Eh... I am not responsible for the loss of gas to search for this mysterious sign.

 :Sofa: 

It was an obvious joke, sorry.

----------


## grandshoemaster

It's rumoured that "Oncue" will be going in next to Taco Bell.

----------


## bombermwc

Ah HA! That makes sense! Think about all the land that's been bough up lately... Sonic, Andy's, and now the gas station. It's the perfect size for an OnCue.
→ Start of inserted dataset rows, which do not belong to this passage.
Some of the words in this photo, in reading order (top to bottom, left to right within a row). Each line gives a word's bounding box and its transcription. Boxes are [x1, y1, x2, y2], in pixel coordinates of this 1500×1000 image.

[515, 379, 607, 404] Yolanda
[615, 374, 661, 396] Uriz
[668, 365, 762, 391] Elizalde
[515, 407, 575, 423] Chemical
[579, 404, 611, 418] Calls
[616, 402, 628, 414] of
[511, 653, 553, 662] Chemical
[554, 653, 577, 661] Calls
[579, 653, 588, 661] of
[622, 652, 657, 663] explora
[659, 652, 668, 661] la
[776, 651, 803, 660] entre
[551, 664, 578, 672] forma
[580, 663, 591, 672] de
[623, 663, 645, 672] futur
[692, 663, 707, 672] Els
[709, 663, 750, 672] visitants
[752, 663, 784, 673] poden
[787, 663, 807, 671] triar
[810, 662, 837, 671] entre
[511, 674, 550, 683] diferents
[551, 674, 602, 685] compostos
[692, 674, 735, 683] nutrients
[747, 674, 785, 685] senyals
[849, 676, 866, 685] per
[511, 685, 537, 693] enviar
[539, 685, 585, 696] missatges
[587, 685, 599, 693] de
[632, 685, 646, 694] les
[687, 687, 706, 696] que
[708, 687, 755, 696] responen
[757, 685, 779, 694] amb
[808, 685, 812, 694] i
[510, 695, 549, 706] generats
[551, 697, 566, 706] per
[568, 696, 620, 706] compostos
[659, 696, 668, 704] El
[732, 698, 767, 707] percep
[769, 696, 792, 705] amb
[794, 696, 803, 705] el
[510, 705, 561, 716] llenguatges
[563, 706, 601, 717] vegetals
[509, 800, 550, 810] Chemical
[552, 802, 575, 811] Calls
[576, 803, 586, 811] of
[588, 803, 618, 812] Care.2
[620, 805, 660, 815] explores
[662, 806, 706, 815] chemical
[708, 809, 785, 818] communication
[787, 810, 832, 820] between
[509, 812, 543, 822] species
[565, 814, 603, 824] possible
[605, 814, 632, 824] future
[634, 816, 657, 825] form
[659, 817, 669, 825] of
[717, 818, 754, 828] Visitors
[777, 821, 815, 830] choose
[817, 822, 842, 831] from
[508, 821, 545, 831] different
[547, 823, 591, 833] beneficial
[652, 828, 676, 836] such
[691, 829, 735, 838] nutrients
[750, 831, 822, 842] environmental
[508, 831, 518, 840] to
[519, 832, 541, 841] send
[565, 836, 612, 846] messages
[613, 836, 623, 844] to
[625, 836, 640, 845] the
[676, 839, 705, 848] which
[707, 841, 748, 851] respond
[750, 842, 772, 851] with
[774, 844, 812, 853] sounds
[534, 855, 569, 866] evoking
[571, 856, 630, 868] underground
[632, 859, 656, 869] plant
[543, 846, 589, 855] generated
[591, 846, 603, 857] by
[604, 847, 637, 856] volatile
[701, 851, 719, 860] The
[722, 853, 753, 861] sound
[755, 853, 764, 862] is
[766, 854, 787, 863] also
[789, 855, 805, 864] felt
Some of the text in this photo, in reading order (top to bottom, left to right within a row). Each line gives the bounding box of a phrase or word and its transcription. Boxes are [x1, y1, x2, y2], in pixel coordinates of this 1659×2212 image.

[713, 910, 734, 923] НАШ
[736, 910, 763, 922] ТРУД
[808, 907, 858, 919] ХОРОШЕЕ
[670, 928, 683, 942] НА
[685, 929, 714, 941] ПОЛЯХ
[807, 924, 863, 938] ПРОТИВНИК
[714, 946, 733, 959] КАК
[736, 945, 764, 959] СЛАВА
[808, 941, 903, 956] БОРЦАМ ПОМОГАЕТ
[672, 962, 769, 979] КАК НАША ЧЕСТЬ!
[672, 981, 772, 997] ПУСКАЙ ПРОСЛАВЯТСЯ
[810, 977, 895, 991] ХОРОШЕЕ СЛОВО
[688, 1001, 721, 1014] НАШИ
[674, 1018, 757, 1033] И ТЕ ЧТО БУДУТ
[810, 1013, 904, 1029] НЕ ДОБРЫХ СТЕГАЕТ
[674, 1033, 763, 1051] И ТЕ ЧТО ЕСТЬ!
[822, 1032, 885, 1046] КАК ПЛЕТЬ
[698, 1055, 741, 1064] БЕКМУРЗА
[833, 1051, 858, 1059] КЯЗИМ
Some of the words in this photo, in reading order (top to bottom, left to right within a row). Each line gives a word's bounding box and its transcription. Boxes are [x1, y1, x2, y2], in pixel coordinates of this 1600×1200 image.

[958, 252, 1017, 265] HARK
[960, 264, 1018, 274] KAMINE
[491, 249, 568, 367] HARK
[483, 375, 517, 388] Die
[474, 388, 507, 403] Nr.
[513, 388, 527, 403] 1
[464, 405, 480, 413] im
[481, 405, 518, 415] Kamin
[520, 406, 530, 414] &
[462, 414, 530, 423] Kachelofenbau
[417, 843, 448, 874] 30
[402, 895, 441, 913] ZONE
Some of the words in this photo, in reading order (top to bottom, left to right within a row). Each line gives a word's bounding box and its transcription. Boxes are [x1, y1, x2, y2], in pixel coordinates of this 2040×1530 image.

The assesor's site says "Shaw Investment Properties" out of Stillwater owns all 3 now.

----------


## grandshoemaster

Now we just need to figure out what is going on over by McDonalds.

----------


## Jenivere

Maybe a Jack in the Box???? *hopeful*

----------


## bombermwc

JITB...Ugh. That's just as bad as Carl's Jr.

----------


## CChris7105

Looks like an onCue

----------


## oneforone

> Now we just need to figure out what is going on over by McDonalds.


I was down by there a few days ago. If your talking about the land South of Mcdonald's it belongs to McDonalds. They use it for truck and bus parking. If anything is built there I predict Mcdonalds will build a new store on that site and tear down the old store for parking. 

If you haven't noticed Mcdonald's is in the process of tearing down the old school style stores and replacing them with the new store format.

----------


## Uncle Slayton

> I had one of those angus burgers


I never have been able to eat one of those things since driving by a McD's in Norman where a combination of unfortunate sign placement, utility pole obstruction and wind caused the "G" on the banner ad to be blocked when I drove past.  It just didn't sound appealing after that...

----------


## oneforone

> I never have been able to eat one of those things since driving by a McD's in Norman where a combination of unfortunate sign placement, utility pole obstruction and wind caused the "G" on the banner ad to be blocked when I drove past. It just didn't sound appealing after that...


Jack In The Box had fun with that a few years ago and got sued by CKE who owns Carls Jr. The commericals were hilarious. 

Fortunately the courts sided with JIB and more less told CKE to get a sense of humor.

----------


## disinfected

Guess you can rule out Burger King.  :Wink:  Driving by it and living right down from it, it is clearly going to be a gas station. The area where the pumps will be is already up, and the building has the same look as the On-Cue stores.

----------


## bombermwc

I wouldn't hold my breathe on the McDonald's ever changing. It's a locally owned one, so unless the local folks want to dump their own cash into it...it's not going to change. That's why it's had so many internal facelifts, not never really on the outside...AND their colors and uniforms aren't always the "standard".

----------